Think ahead for your head.
31. Sprinkle on cinnamon
Just a quarter teaspoon of the spice twice a day has been shown to reduce fasting blood sugar up to 29 percent in people with type 2 diabetes.
This is important because type 2 diabetes can raise your risk of dementia. The spice has also been found to reduce blood cholesterol and inflammation, both of which can further reduce your risk.
Cinnamon can help you add some sweetness to foods without using sugar.
Sprinkle it on oatmeal, fruit, pancakes, and coffee, and experiment by adding it to other main-course dishes like chili.
32. Imagine waterfalls
Research tells us that counting sheep doesn’t help us nod off any more quickly than lying in bed and letting our minds wander, but here’s a tactic that does seem to help: visualizing a relaxing scene, such as a waterfall.

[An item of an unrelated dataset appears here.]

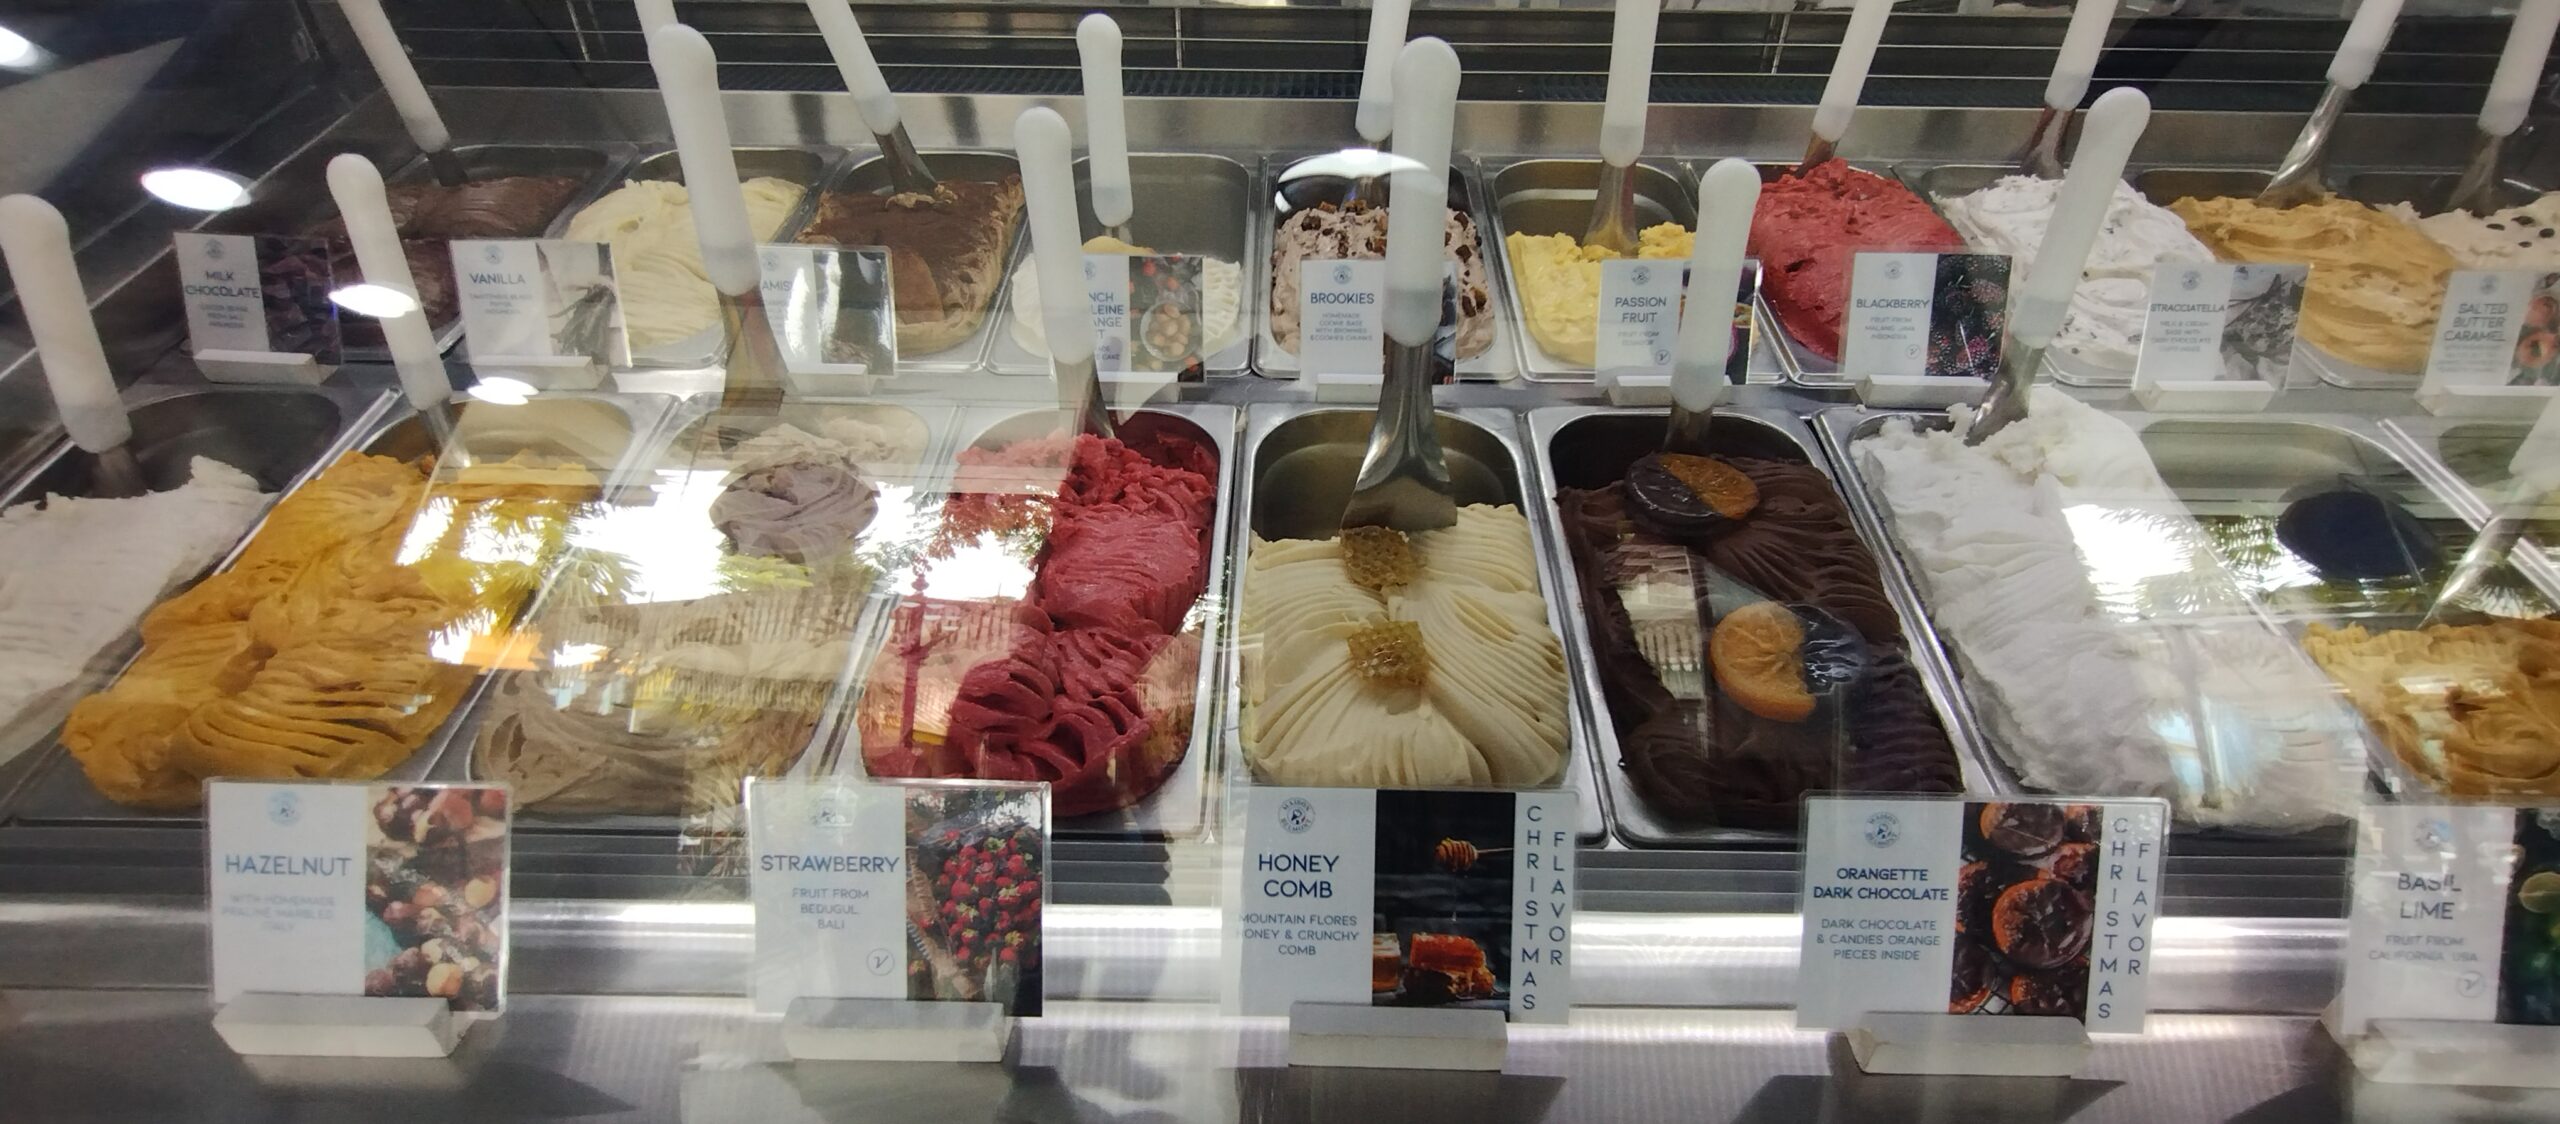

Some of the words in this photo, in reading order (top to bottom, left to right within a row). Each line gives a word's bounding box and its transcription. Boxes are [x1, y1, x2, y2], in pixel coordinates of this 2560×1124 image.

When Allison Harvey and Suzanna Payne of England’s Oxford University asked 50 insomniacs to try different distraction techniques on different nights, it was the waterfall visualizations that came out on top.
Study participants who pictured waterfalls nodded off 20 minutes faster than others who counted sheep or did nothing in particular.
33. Go bowling
In one study, nursing home patients with dementia participated in daily, two-hour-long therapy sessions that included bowling or croquet, as well as gardening, brain games, and crafts.
Patients who participated in these sessions were still able to perform the tasks of daily living, such as eating or using the bathroom, unassisted, after 12 months.
Residents who did not participate in the sessions lost ground in their ability to perform these tasks without help.